Democrats were expecting to pick up seats and add to their majority in the House in 2020. Instead, Democrats lost 15 seats and entered the year with the smallest House majority in modern times.

Maloney said Wednesday he expects the Democrats will maintain their majority in the House following the 2022 midterm elections, which are historically difficult for a new president’s party. Democrats currently hold 222 House seats.

“We’re going to keep the House and it will be more than the 218 seats,” Maloney said.

“I do believe we are in a strong position to retain and grow this majority … because we’ll defeat the pandemic, get the economy roaring again, and we’re not divided like the Republicans, who are trying to decide between the QAnon mob or whether to be a responsible governing party. They’re having a civil war with each other,” he said.

It was particularly galling for Democrats in 2020 that the party underperformed among Latino voters in key swing states, such as Florida, and in border districts in Texas.

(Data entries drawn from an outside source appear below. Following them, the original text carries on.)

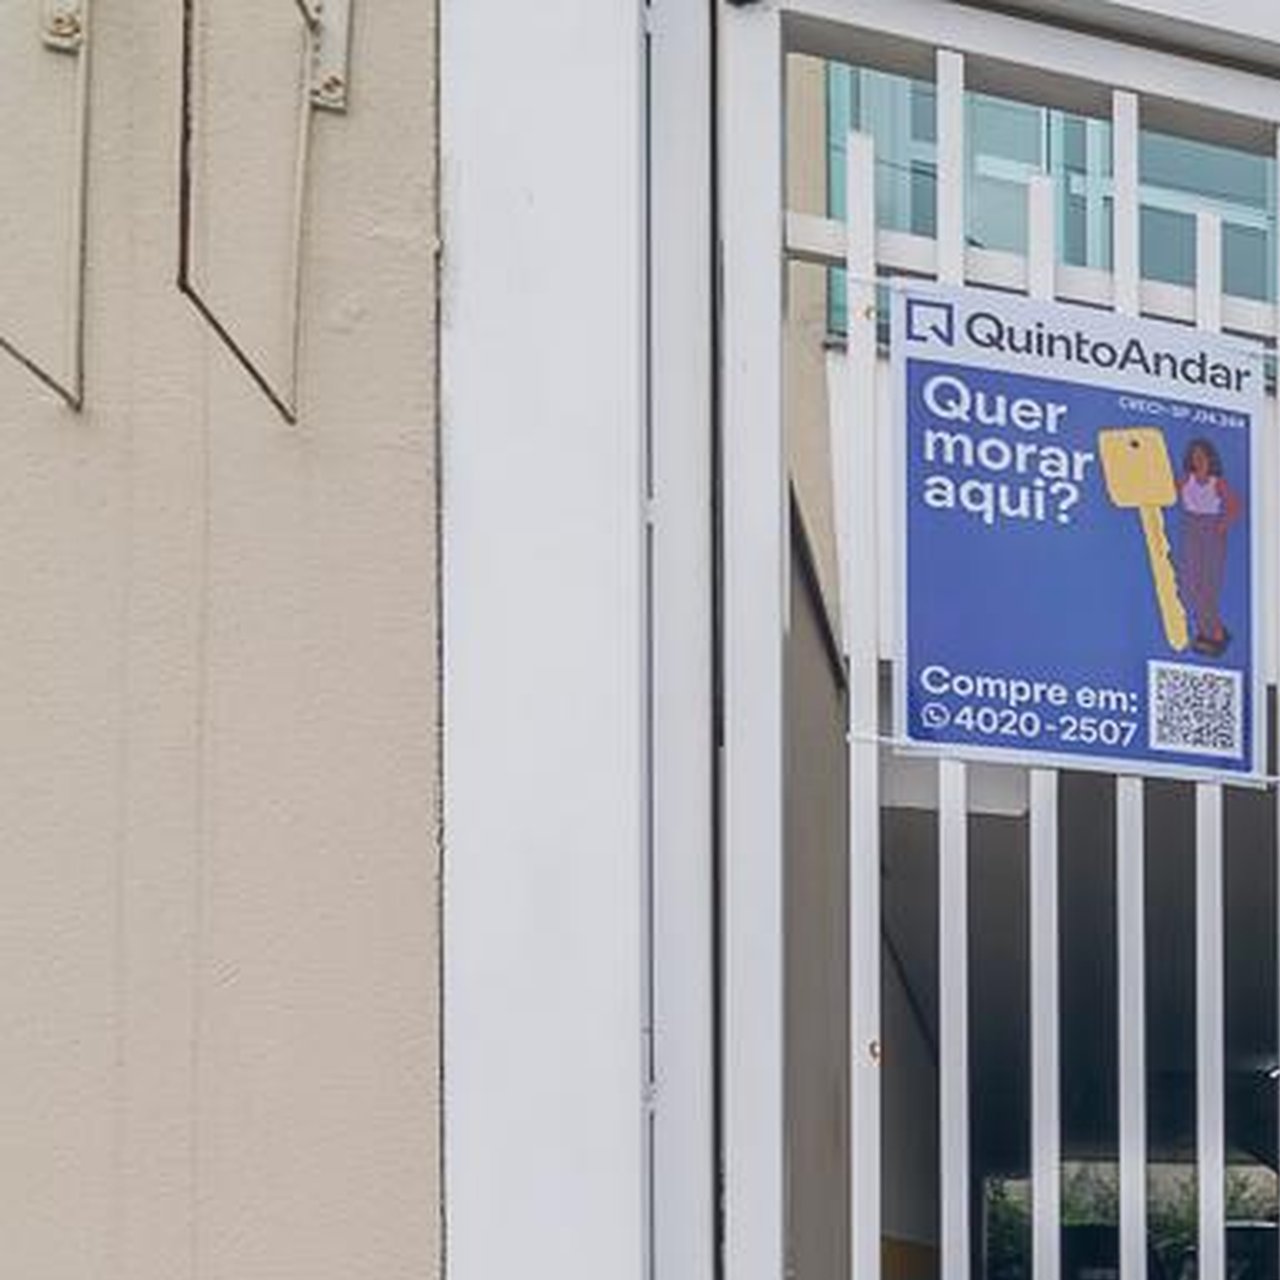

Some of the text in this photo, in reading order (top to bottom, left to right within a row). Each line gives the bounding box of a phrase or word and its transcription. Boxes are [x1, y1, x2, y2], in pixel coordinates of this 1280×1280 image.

[965, 312, 1251, 392] QuintoAndar
[923, 375, 1067, 433] Quer
[923, 428, 1093, 482] morar
[923, 474, 1080, 524] aqui?
[920, 665, 1139, 713] Compre em:
[953, 706, 1138, 747] 4020-2507

Maloney on Wednesday accused Republicans of misrepresenting Democratic views on socialism and defunding the police, saying those attacks may have contributed to the party’s losses.

Maloney said the Democratic majority in the House never passed any bills that had a whiff of socialism and argued that the “Defund the Police” mantra was embraced by only a handful of left-wing House members and activists.

Republicans used those issues to run against moderate Democrats in swing districts.

“The Squad is four people and they make a big deal out of this,” Maloney said.

“There are a number of attacks that were caricatures and lies lodged by the Republicans that may have had an effect. … The fact is that the legislation that came out of 116th Congress … not one [bill] had anything to do with socialism or defunding the police. … I’m proud of what we’ve passed.”

Under Maloney, the DCCC has sought to characterize Republicans as a party of fringe right-wingers and conspiracy theorists, with a focus on members such as Reps. Lauren Boebert (R-Colo.) and Marjorie Taylor Greene (R-Ga.), who have in the past embraced QAnon.

Maloney pointed to the 199 Republicans in the House who voted to keep Greene on the House Education Committee after her old social media posts promoting conspiracies and a video of her hounding a Parkland, Fla., shooting survivor resurfaced.

“If they won’t be a responsible party in government, then QAnon becomes one more proof point that they’re no longer responsible adults who can be trusted … the Democratic Party is becoming the last responsible party in the room and that’s sad because our country deserves two functioning parties,” Maloney said.

“They’re having a civil war for a reason,” he added. “One road is dark conspiracy theories, and the other way is a responsible role in government, but right now they can’t decide.”